[[ Given data, beginning ]]

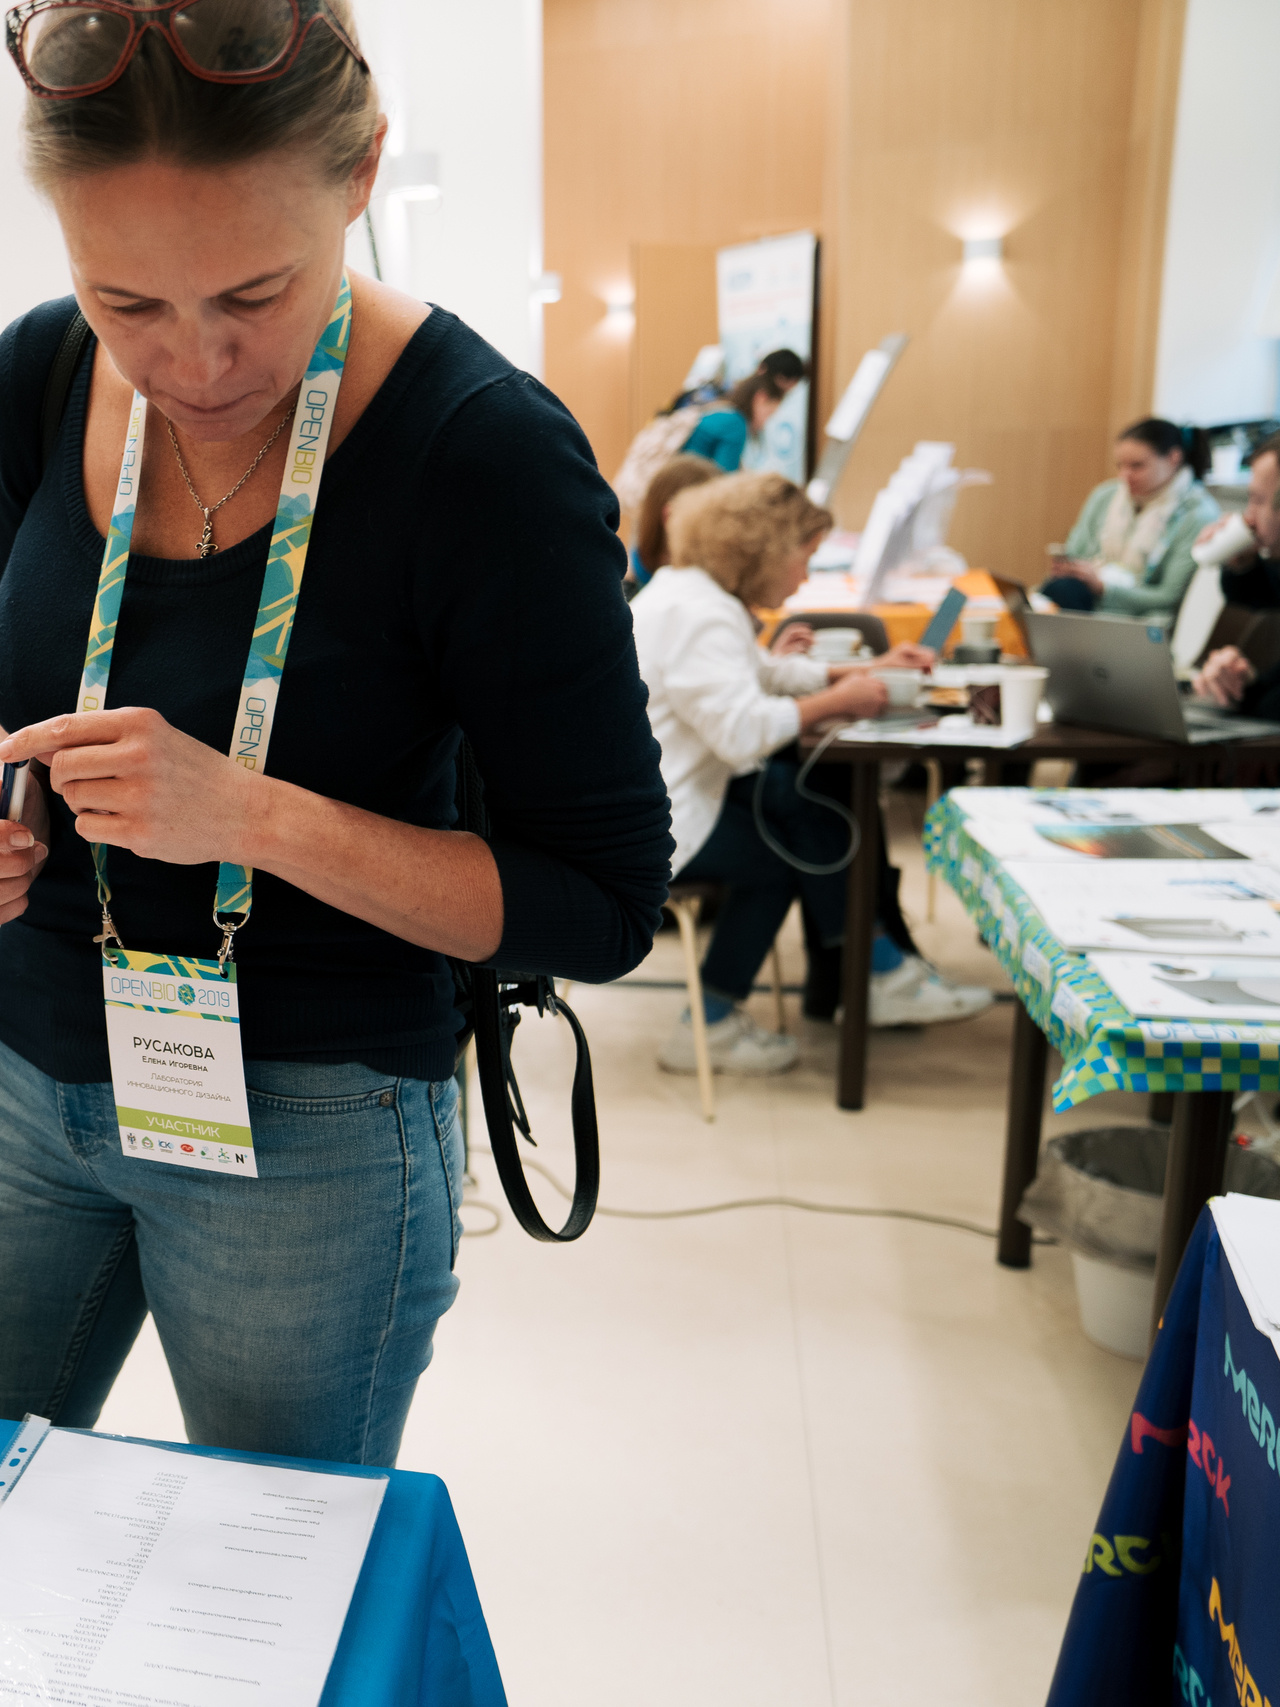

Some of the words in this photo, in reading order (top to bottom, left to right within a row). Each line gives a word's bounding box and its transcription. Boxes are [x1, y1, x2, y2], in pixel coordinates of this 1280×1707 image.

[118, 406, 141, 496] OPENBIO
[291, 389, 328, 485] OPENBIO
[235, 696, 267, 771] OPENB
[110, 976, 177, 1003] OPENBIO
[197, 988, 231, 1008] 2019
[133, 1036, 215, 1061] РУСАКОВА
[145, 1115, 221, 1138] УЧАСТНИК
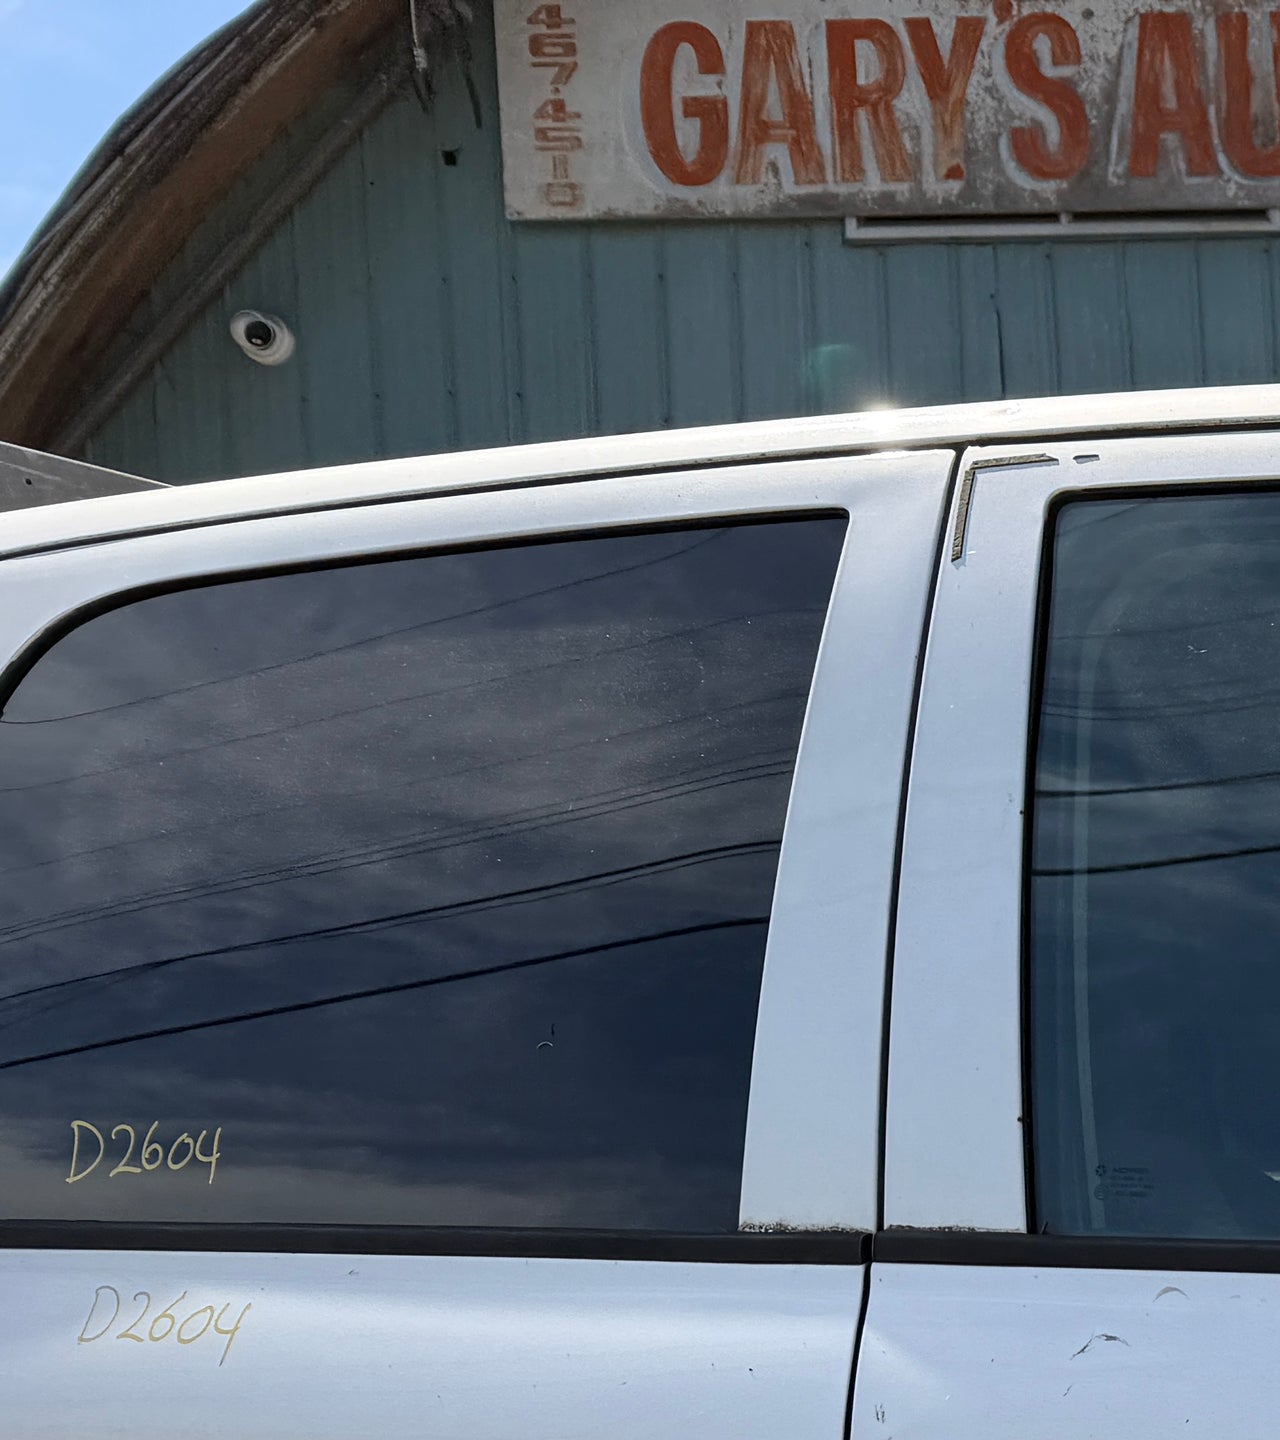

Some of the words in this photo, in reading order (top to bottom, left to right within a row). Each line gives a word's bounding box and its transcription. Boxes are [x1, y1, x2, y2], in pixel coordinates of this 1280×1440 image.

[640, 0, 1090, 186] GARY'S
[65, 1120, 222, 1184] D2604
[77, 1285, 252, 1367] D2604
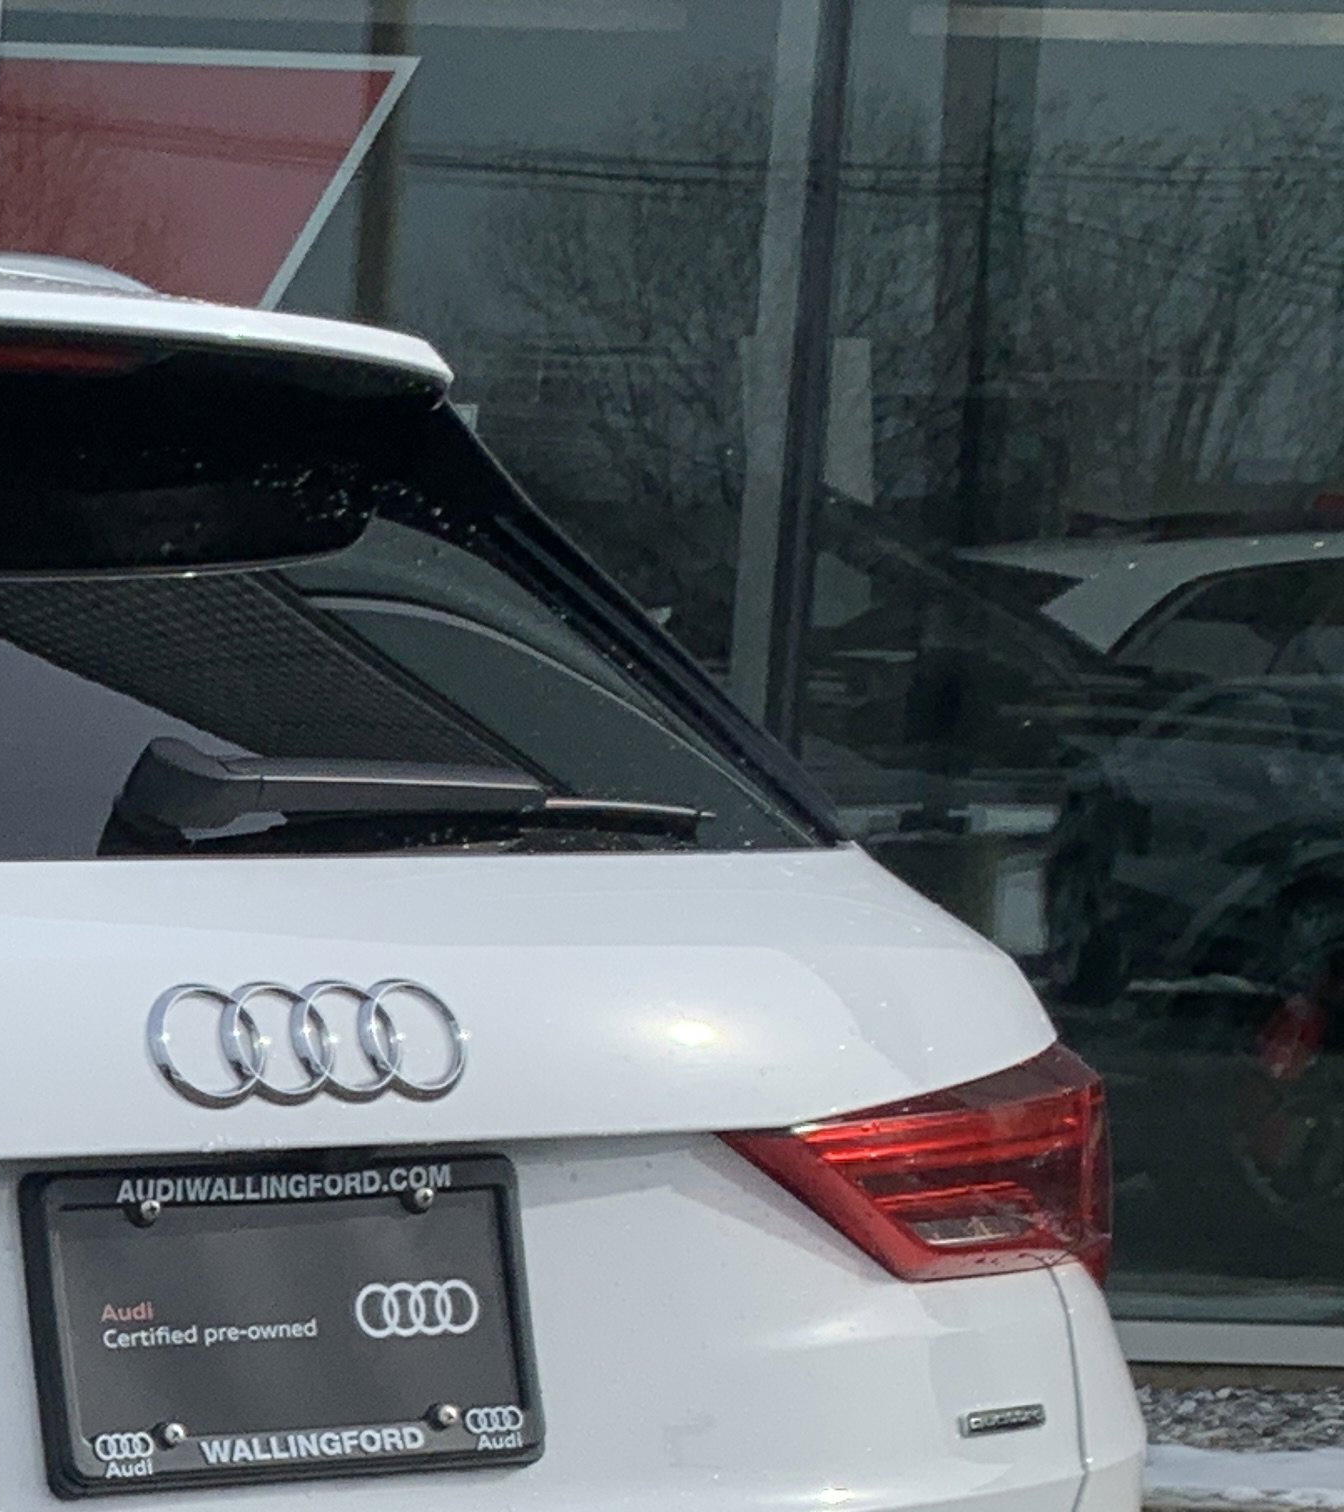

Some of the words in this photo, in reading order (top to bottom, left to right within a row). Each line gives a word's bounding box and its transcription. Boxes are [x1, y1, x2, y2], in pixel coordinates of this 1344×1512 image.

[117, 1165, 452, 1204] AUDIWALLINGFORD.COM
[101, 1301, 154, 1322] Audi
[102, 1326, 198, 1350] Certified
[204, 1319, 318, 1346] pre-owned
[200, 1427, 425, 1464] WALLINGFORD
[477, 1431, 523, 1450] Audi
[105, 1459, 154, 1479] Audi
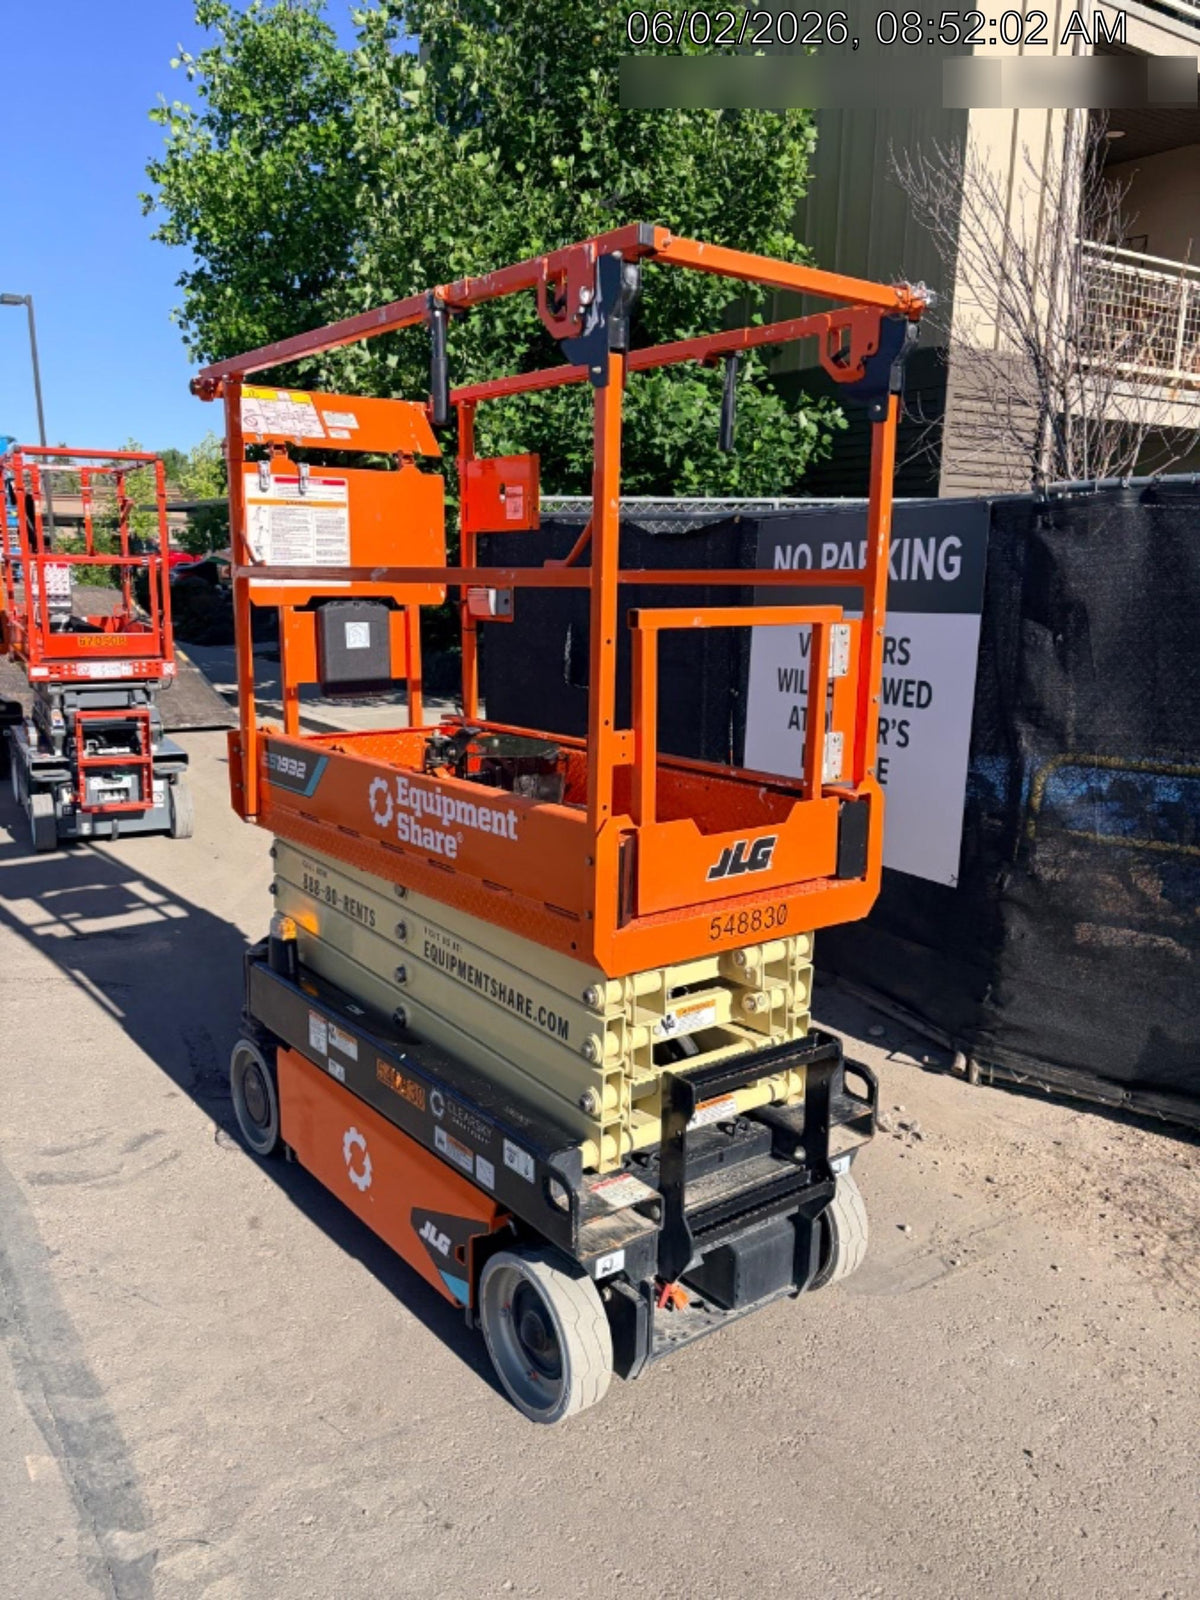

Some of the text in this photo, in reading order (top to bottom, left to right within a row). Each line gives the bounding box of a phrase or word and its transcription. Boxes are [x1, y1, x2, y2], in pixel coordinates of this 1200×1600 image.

[[ Given data, end ]]

Would you return all the data exactly as given, minus the pictures?

Answer space -
Some of the words in this photo, in reading order (top to bottom, left to right within a row). Each line gives a word's bounding box and its transcription. Boxes are [x1, y1, x2, y2], in pixel coordinates of this 1280×1707 image.

[118, 406, 141, 496] OPENBIO
[291, 389, 328, 485] OPENBIO
[235, 696, 267, 771] OPENB
[110, 976, 177, 1003] OPENBIO
[197, 988, 231, 1008] 2019
[133, 1036, 215, 1061] РУСАКОВА
[145, 1115, 221, 1138] УЧАСТНИК

Some of the words in this photo, in reading order (top to bottom, left to right within a row). Each line gives a word's bounding box and its transcription. Boxes are [x1, y1, x2, y2], in pixel coordinates of this 1280×1440 image.

[640, 0, 1090, 186] GARY'S
[65, 1120, 222, 1184] D2604
[77, 1285, 252, 1367] D2604

Some of the words in this photo, in reading order (top to bottom, left to right within a row). Each line gives a word's bounding box and its transcription. Boxes are [x1, y1, x2, y2], in pixel coordinates of this 1344×1512 image.

[117, 1165, 452, 1204] AUDIWALLINGFORD.COM
[101, 1301, 154, 1322] Audi
[102, 1326, 198, 1350] Certified
[204, 1319, 318, 1346] pre-owned
[200, 1427, 425, 1464] WALLINGFORD
[477, 1431, 523, 1450] Audi
[105, 1459, 154, 1479] Audi

Some of the text in this photo, in reading order (top to bottom, left to right within a row). Each line gives the bounding box of a phrase or word and its transcription. Boxes are [x1, y1, x2, y2], in pixel coordinates of this 1200×1600 image.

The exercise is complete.